Fact Finder -- Enhancing Domain Expertise of Large Language Models by Incorporating Knowledge Graphs
Daniel Steinigen, Roman Teucher, Timm Heine Ruland, Max Rudat, Nicolas Flores-Herr, Peter Fischer, Nikola Milosevic, Christopher Schymura, Angelo Ziletti
TL;DR
FactFinder tackles LLM hallucinations by integrating a medical knowledge graph with a large language model to boost factual accuracy. It presents an end-to-end pipeline for text-to-Cypher generation, KG retrieval, and LLM-enhanced verbalization, coupled with explainable evidence and a Streamlit UI. On a 69-sample medical dataset, the system achieves a precision of $78\%$ in retrieving correct KG nodes and surpasses a standalone LLM in correctness and completeness, as judged by LLM-based evaluation. The work demonstrates a practical, fast, and transparent hybrid QA approach for domain-specific questions, with open-source code and data to support replication and extension.
Abstract
Recent advancements in Large Language Models (LLMs) have showcased their proficiency in answering natural language queries. However, their effectiveness is hindered by limited domain-specific knowledge, raising concerns about the reliability of their responses. We introduce a hybrid system that augments LLMs with domain-specific knowledge graphs (KGs), thereby aiming to enhance factual correctness using a KG-based retrieval approach. We focus on a medical KG to demonstrate our methodology, which includes (1) pre-processing, (2) Cypher query generation, (3) Cypher query processing, (4) KG retrieval, and (5) LLM-enhanced response generation.
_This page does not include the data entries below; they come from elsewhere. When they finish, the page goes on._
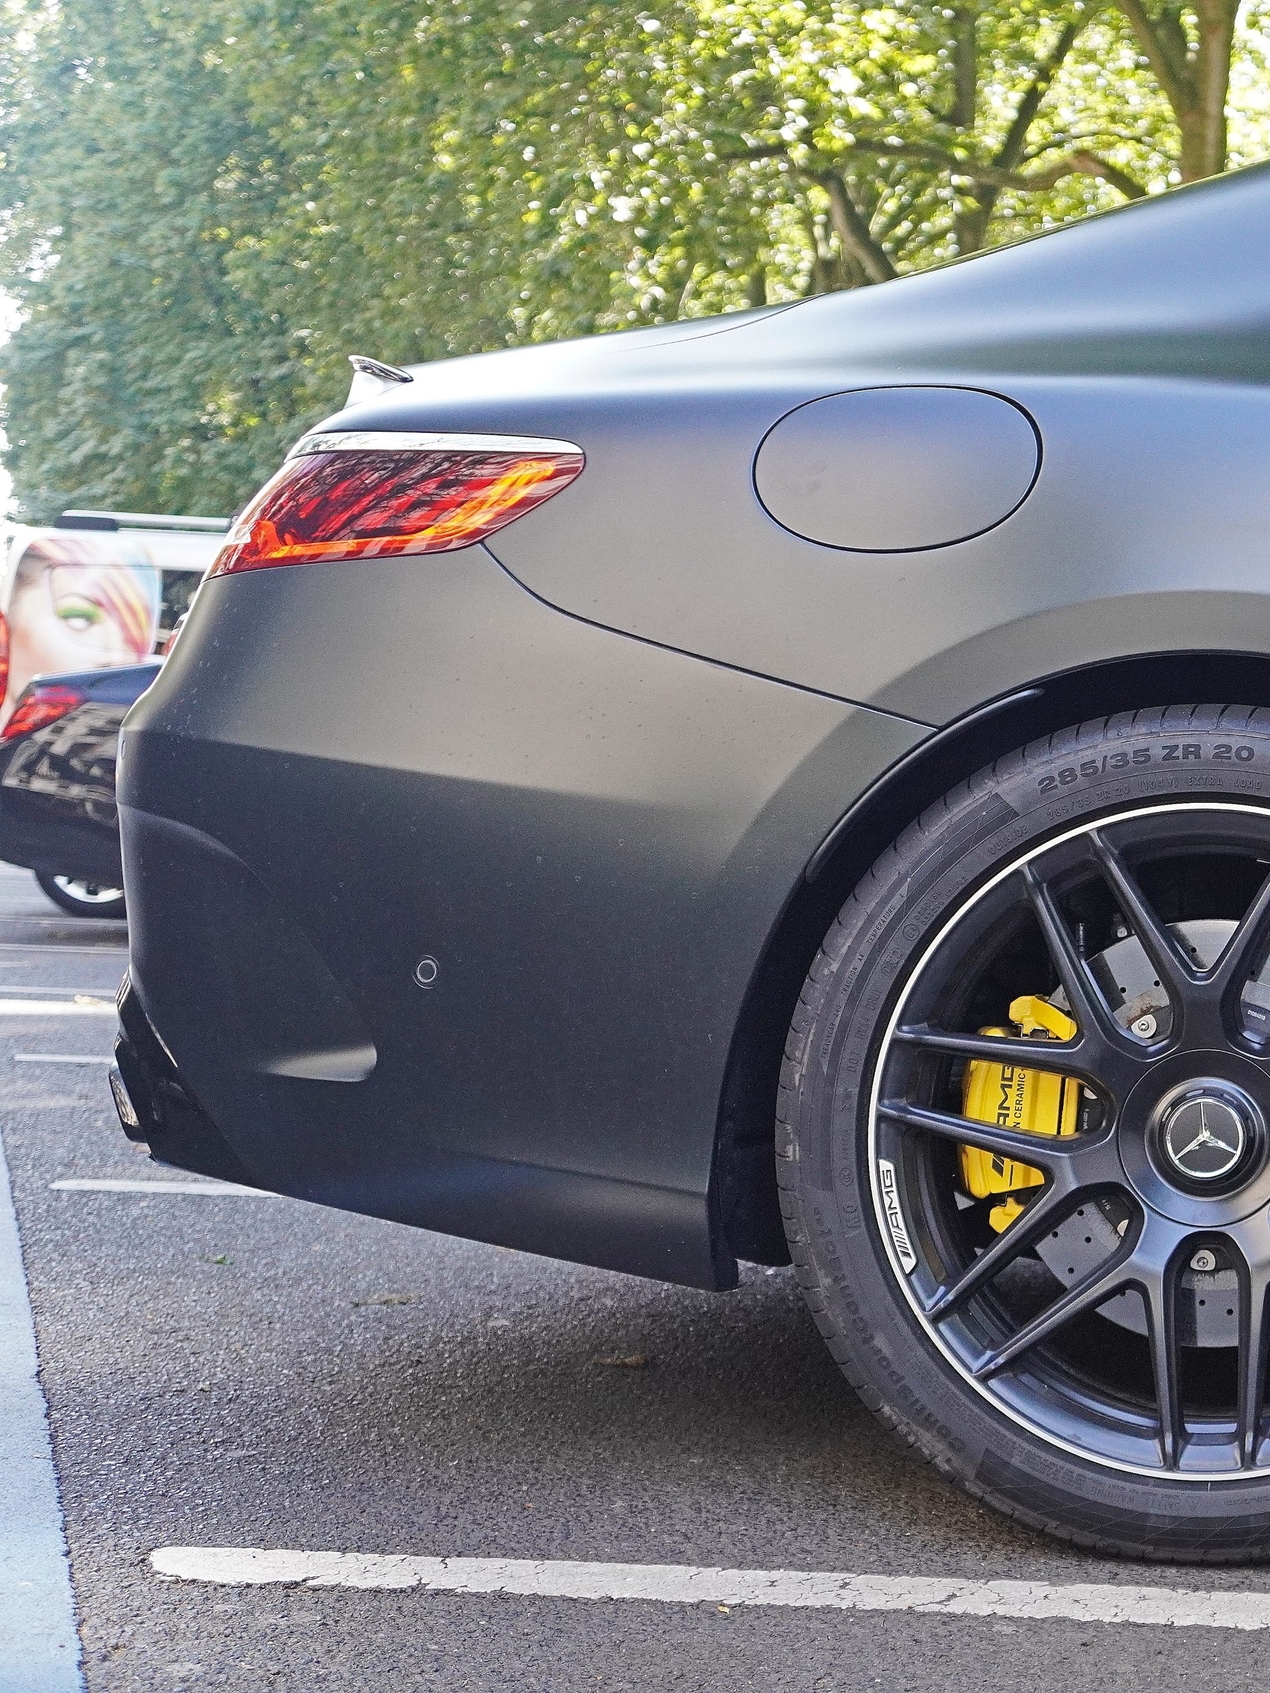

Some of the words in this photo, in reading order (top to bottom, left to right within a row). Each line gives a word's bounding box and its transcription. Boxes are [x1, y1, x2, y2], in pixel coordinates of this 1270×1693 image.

[1037, 747, 1152, 795] 285/35
[1161, 743, 1202, 762] ZR
[1212, 743, 1255, 762] 20
[997, 1065, 1014, 1125] AMG
[1013, 1072, 1026, 1119] CERAMIC
[881, 1169, 903, 1230] AMG
We evaluate our system on a curated dataset of 69 samples, achieving a precision of 78\% in retrieving correct KG nodes. Our findings indicate that the hybrid system surpasses a standalone LLM in accuracy and completeness, as verified by an LLM-as-a-Judge evaluation method. This positions the system as a promising tool for applications that demand factual correctness and completeness, such as target identification -- a critical process in pinpointing biological entities for disease treatment or crop enhancement. Moreover, its intuitive search interface and ability to provide accurate responses within seconds make it well-suited for time-sensitive, precision-focused research contexts. We publish the source code together with the dataset and the prompt templates used.